Design and performance of a countersunk screen in a maize cleaning device

Abstract

To increase the probability of particle penetration and decrease grain loss in maize cleaning devices, a countersunk screen was designed to enable particles move towards screen holes. The factors affecting the tendency of particles to penetrate screen holes and the various behaviours of particles penetrating screen holes were analysed by numerical simulation using couples computational fluid dynamics and the discrete element method (CFD-DEM). Simulations of a threshed maize mixture moving in a typical cleaning device were carried.
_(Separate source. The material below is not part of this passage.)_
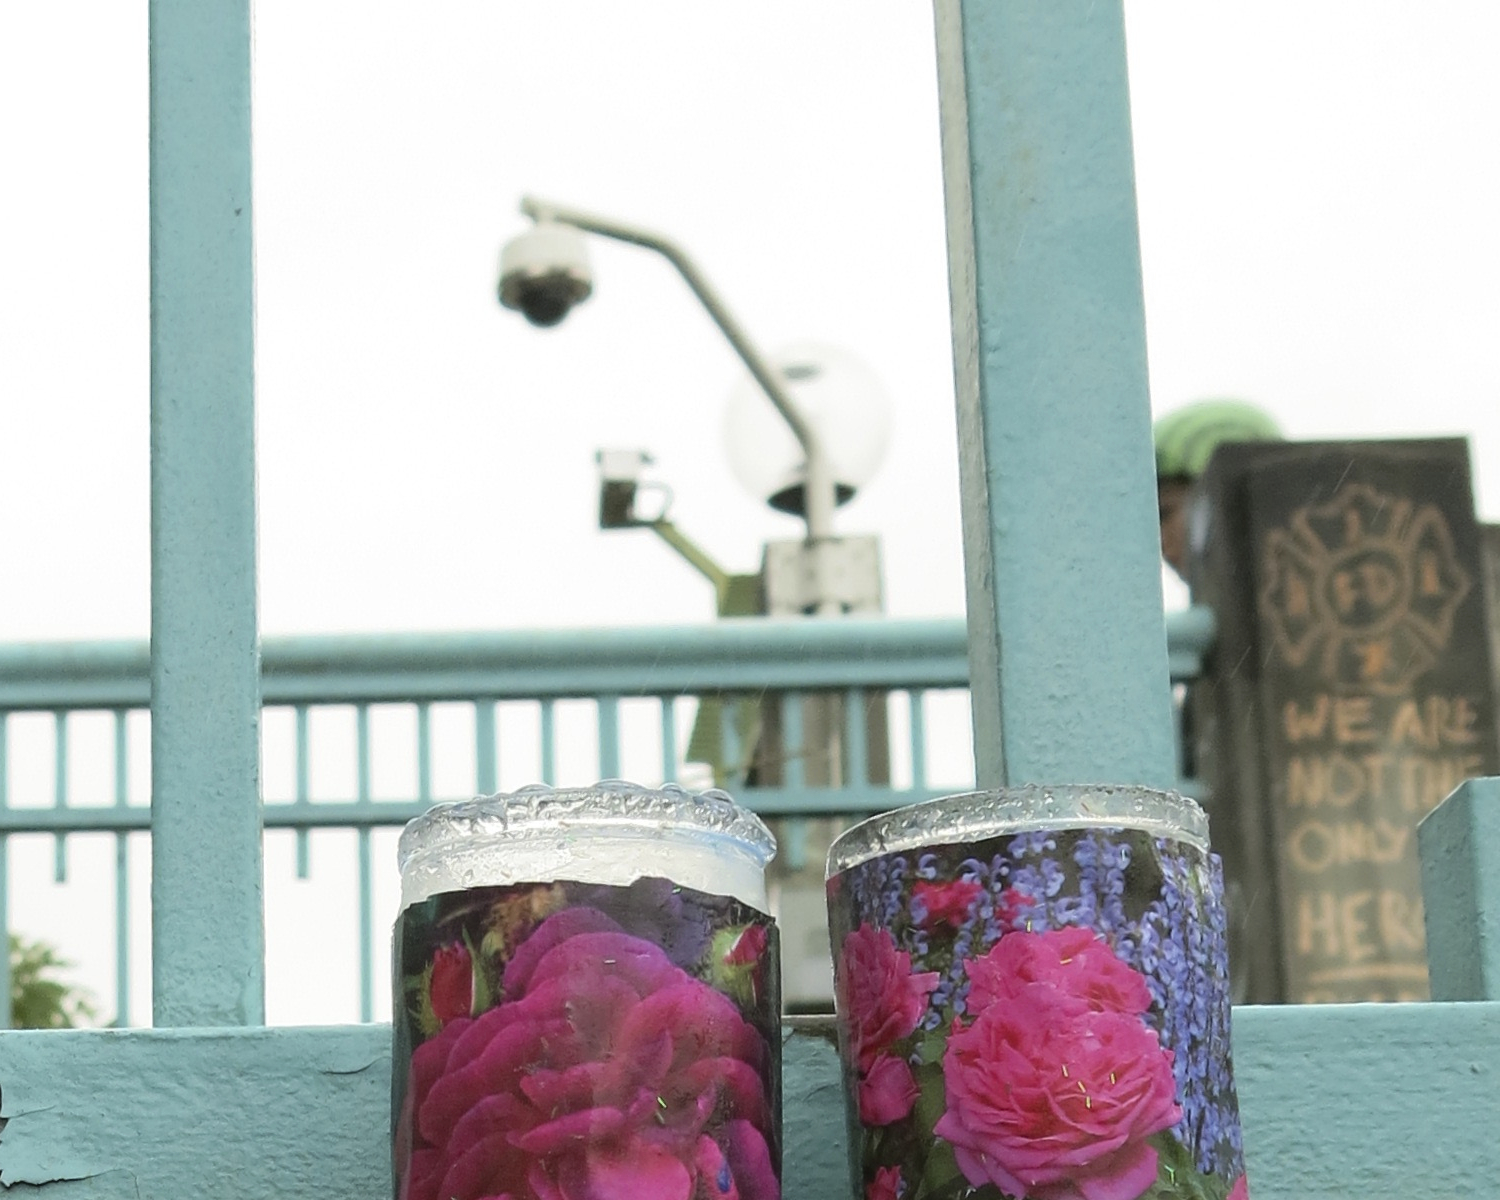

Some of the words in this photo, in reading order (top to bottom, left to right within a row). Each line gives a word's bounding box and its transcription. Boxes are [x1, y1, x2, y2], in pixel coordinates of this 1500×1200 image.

An airflow of 12.8 m s−1 and the direction angle of 25° was utilised. Among the three kinds of arrangements of screen holes investigated, cleaning performance of a countersunk screen with H-type arrangement of screen holes was the best. The impact angle of particles on the screen was influenced by the airflow direction angle, and the speed of maize particles was the main factor influencing probability of penetration of particles. Screening efficiency was the best at an airflow velocity of 11.2 m s−1. As the angle of the sidewall around screen hole increased from 40° to 60°, the tendency of grains to penetrate the screen holes was enhanced. Grains slipping along the sidewall penetrated the countersunk screen hole with high efficiency, reducing inefficient impacts. The screening efficiency of cleaning device with countersunk screen was 35.20% greater than that with the similar standard round-hole screen.